#### [EXERCISE]
Using only the entries below, copy exactly the lines that begin at the one with "this 1800×662 image." and end at the one with "this 2212×1659 image.", both included. Drop the pictures.

#### [DATASET EXCERPTS]
*** Begin section ***
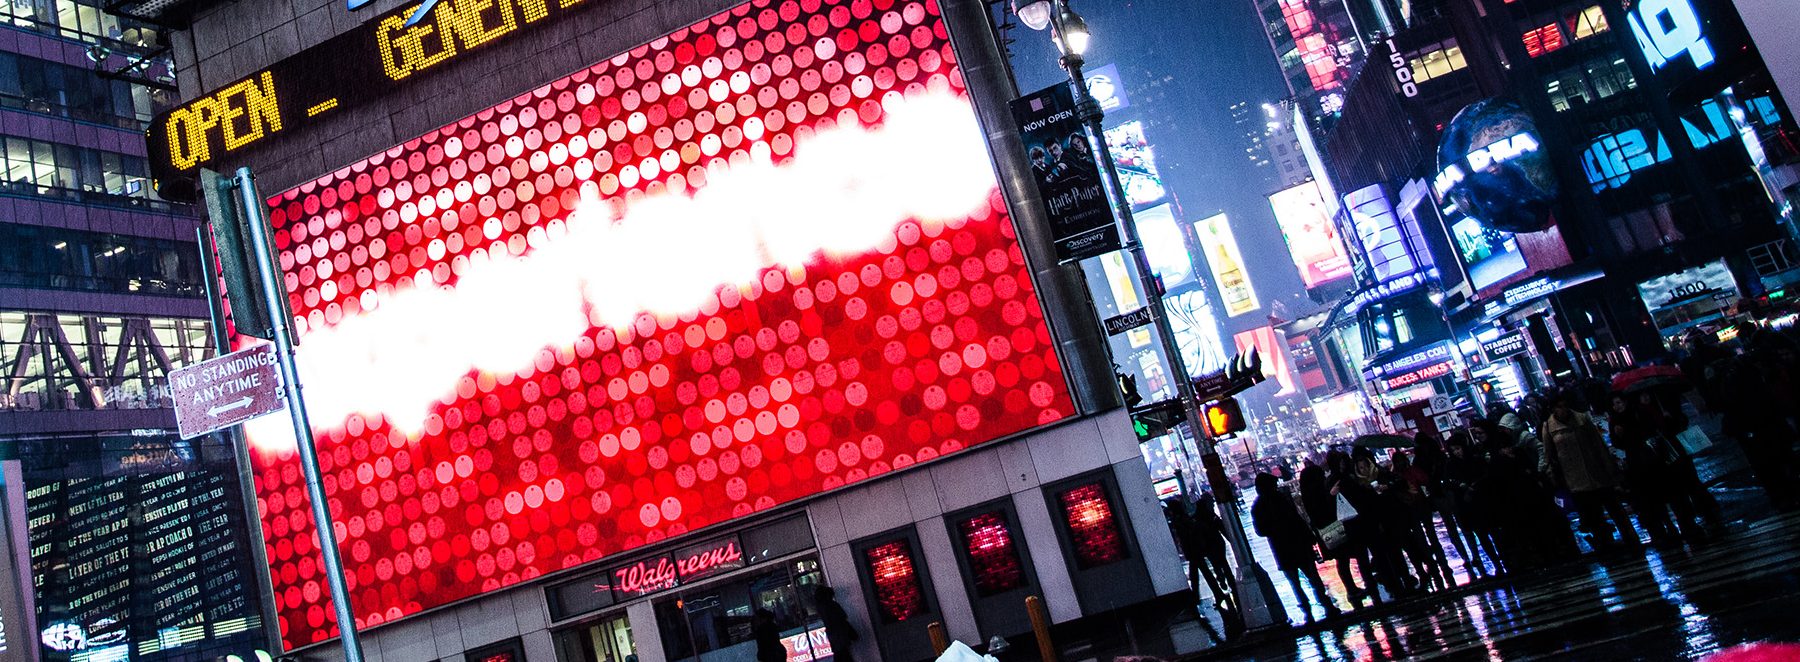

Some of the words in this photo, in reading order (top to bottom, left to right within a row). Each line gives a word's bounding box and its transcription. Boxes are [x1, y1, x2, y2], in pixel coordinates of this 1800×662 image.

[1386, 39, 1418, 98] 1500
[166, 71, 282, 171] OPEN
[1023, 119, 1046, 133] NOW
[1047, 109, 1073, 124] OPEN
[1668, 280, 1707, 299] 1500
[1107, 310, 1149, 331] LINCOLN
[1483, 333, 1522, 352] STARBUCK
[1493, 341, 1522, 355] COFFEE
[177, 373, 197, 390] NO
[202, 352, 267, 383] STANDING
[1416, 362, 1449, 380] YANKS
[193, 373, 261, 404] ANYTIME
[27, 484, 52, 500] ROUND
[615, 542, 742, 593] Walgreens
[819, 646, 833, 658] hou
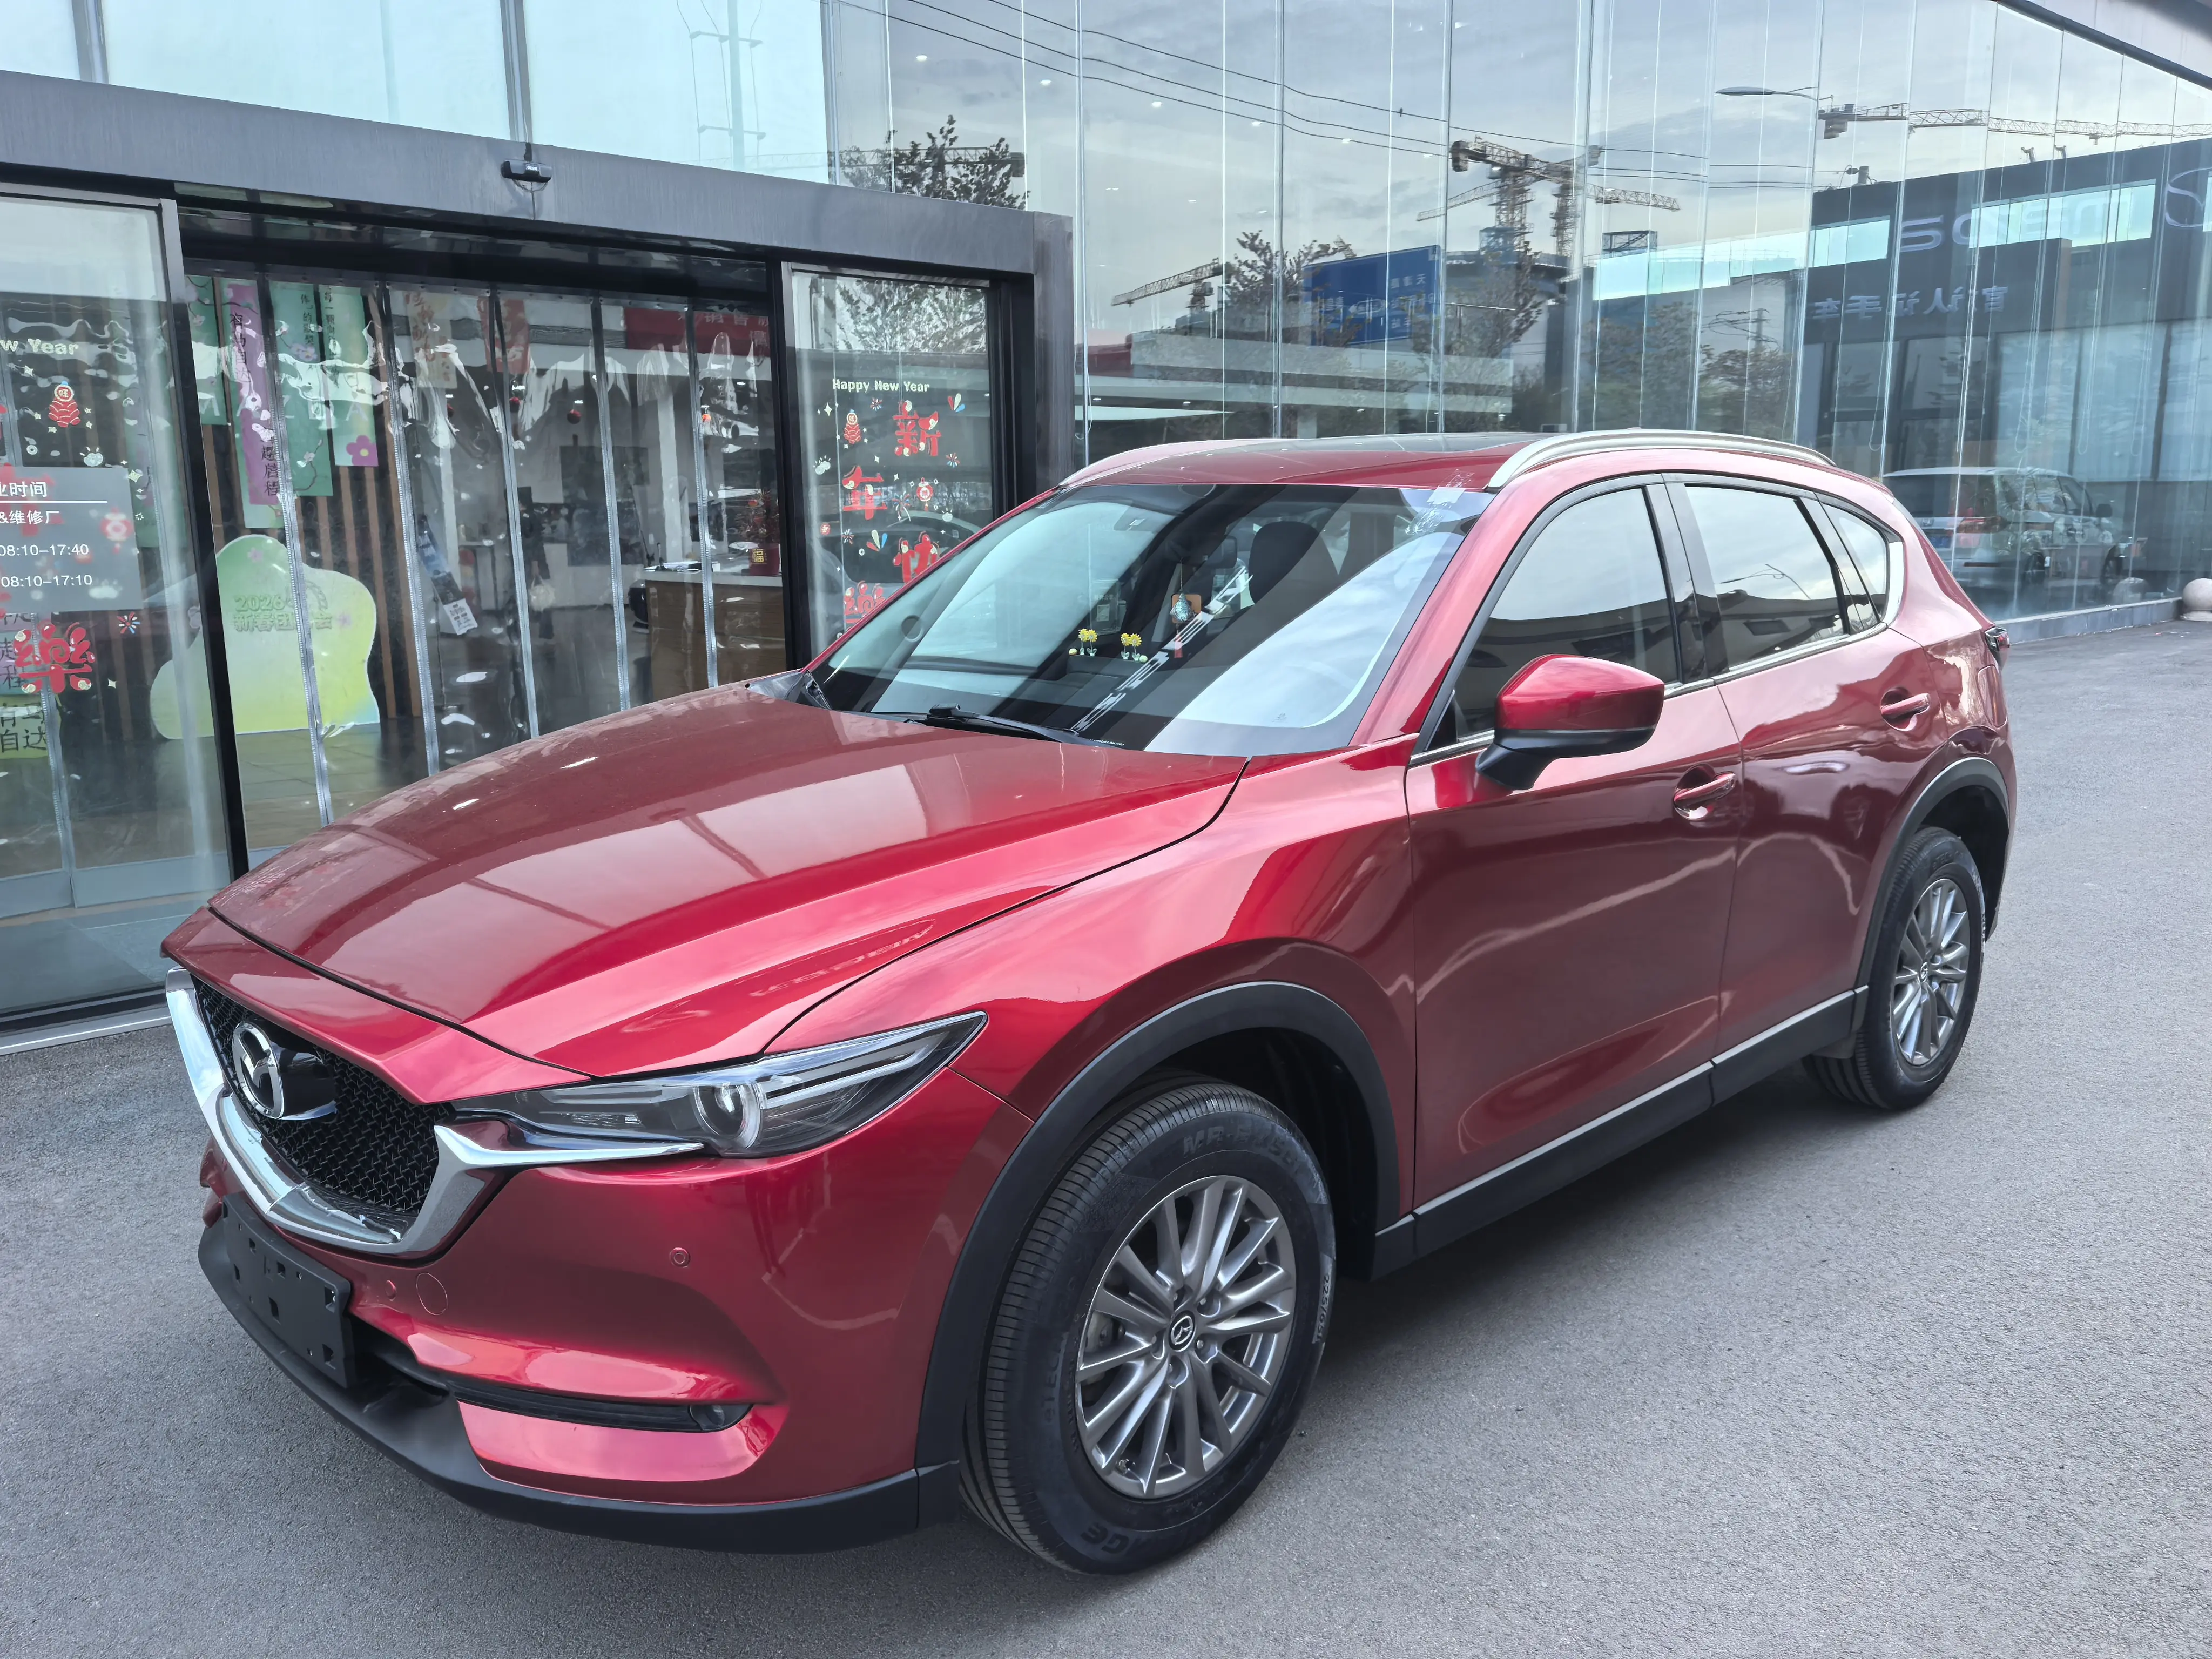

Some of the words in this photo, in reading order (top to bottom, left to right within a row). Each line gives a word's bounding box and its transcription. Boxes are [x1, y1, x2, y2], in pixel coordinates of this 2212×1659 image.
*** End section ***
*** Begin section ***
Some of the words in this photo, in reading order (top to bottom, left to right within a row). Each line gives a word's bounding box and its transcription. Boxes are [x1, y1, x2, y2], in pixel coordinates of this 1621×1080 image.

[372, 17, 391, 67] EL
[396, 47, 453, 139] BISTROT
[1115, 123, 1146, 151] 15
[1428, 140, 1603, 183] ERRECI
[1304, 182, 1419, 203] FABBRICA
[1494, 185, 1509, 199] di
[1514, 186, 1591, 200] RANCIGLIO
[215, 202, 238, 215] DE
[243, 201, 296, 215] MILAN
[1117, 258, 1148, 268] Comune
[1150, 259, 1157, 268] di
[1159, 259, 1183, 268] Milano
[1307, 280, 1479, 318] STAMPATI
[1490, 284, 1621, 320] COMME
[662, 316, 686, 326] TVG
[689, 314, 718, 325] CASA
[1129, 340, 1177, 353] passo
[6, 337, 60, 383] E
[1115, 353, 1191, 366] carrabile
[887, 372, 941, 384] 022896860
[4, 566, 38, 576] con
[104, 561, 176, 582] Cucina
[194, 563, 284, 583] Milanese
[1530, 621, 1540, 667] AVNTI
*** End section ***
*** Begin section ***
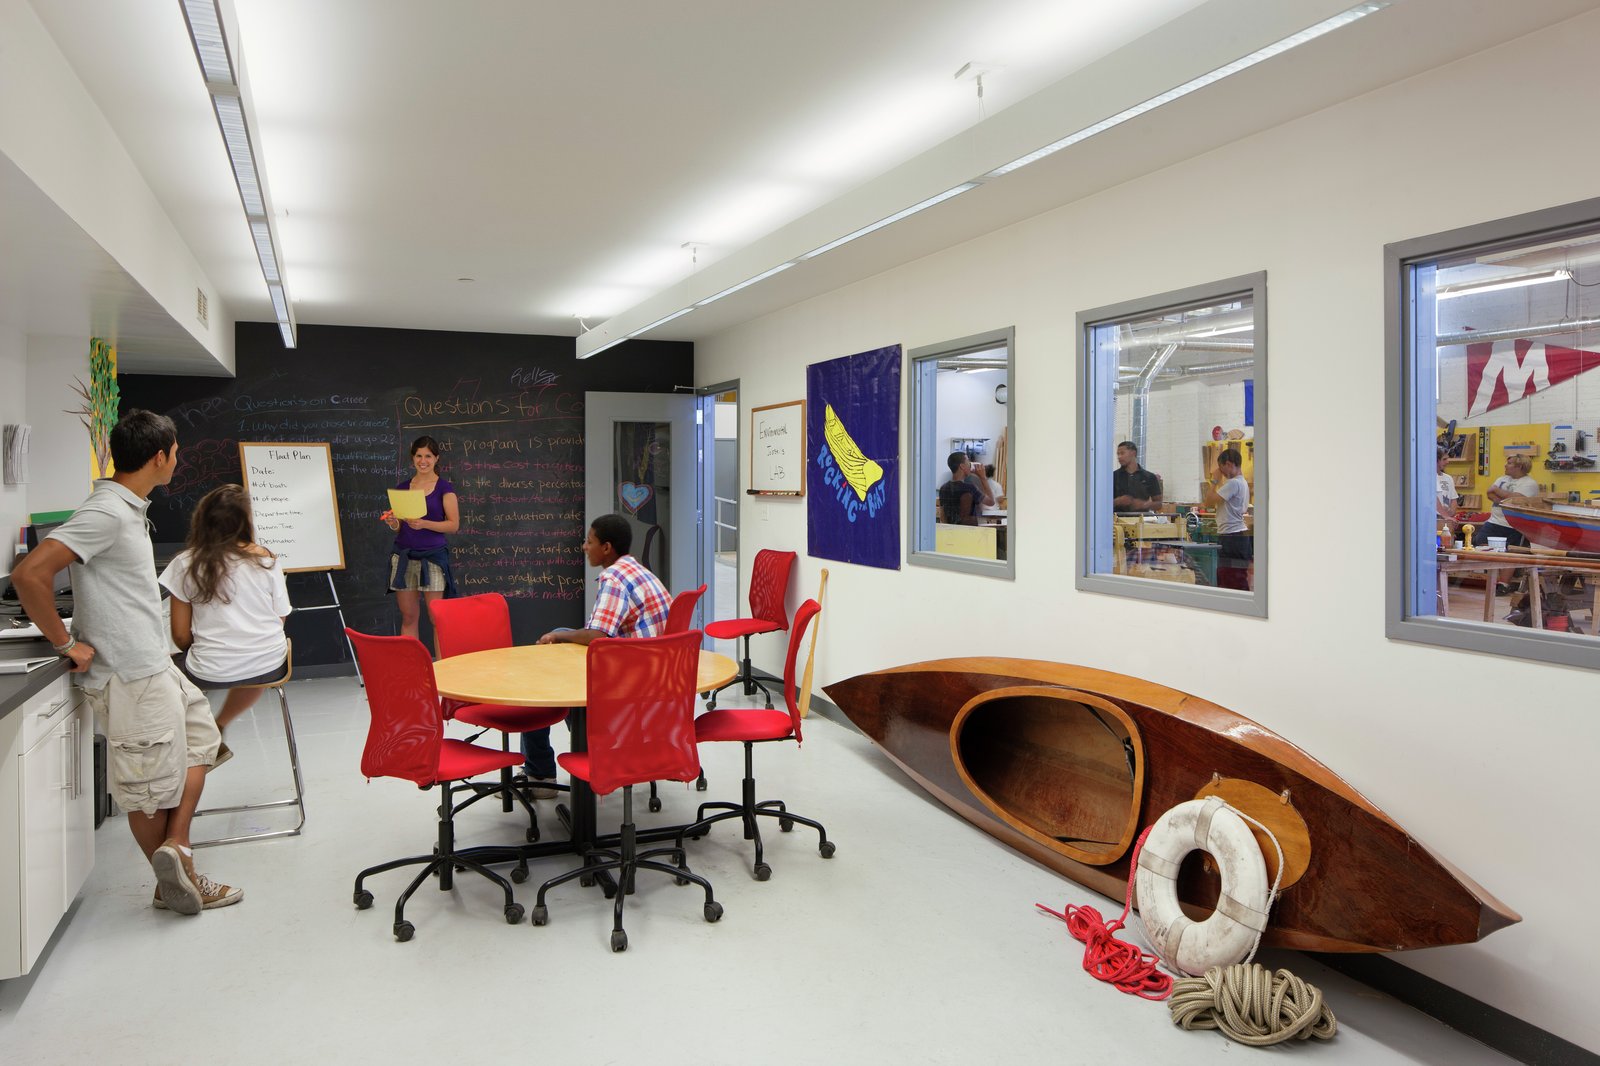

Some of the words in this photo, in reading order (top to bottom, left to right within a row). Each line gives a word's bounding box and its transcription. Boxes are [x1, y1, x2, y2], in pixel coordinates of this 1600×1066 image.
*** End section ***
#### [TASK SOLUTION]
Some of the words in this photo, in reading order (top to bottom, left to right within a row). Each line gives a word's bounding box and its transcription. Boxes are [x1, y1, x2, y2], in pixel coordinates of this 1800×662 image.

[1386, 39, 1418, 98] 1500
[166, 71, 282, 171] OPEN
[1023, 119, 1046, 133] NOW
[1047, 109, 1073, 124] OPEN
[1668, 280, 1707, 299] 1500
[1107, 310, 1149, 331] LINCOLN
[1483, 333, 1522, 352] STARBUCK
[1493, 341, 1522, 355] COFFEE
[177, 373, 197, 390] NO
[202, 352, 267, 383] STANDING
[1416, 362, 1449, 380] YANKS
[193, 373, 261, 404] ANYTIME
[27, 484, 52, 500] ROUND
[615, 542, 742, 593] Walgreens
[819, 646, 833, 658] hou

Some of the words in this photo, in reading order (top to bottom, left to right within a row). Each line gives a word's bounding box and its transcription. Boxes are [x1, y1, x2, y2], in pixel coordinates of this 2212×1659 image.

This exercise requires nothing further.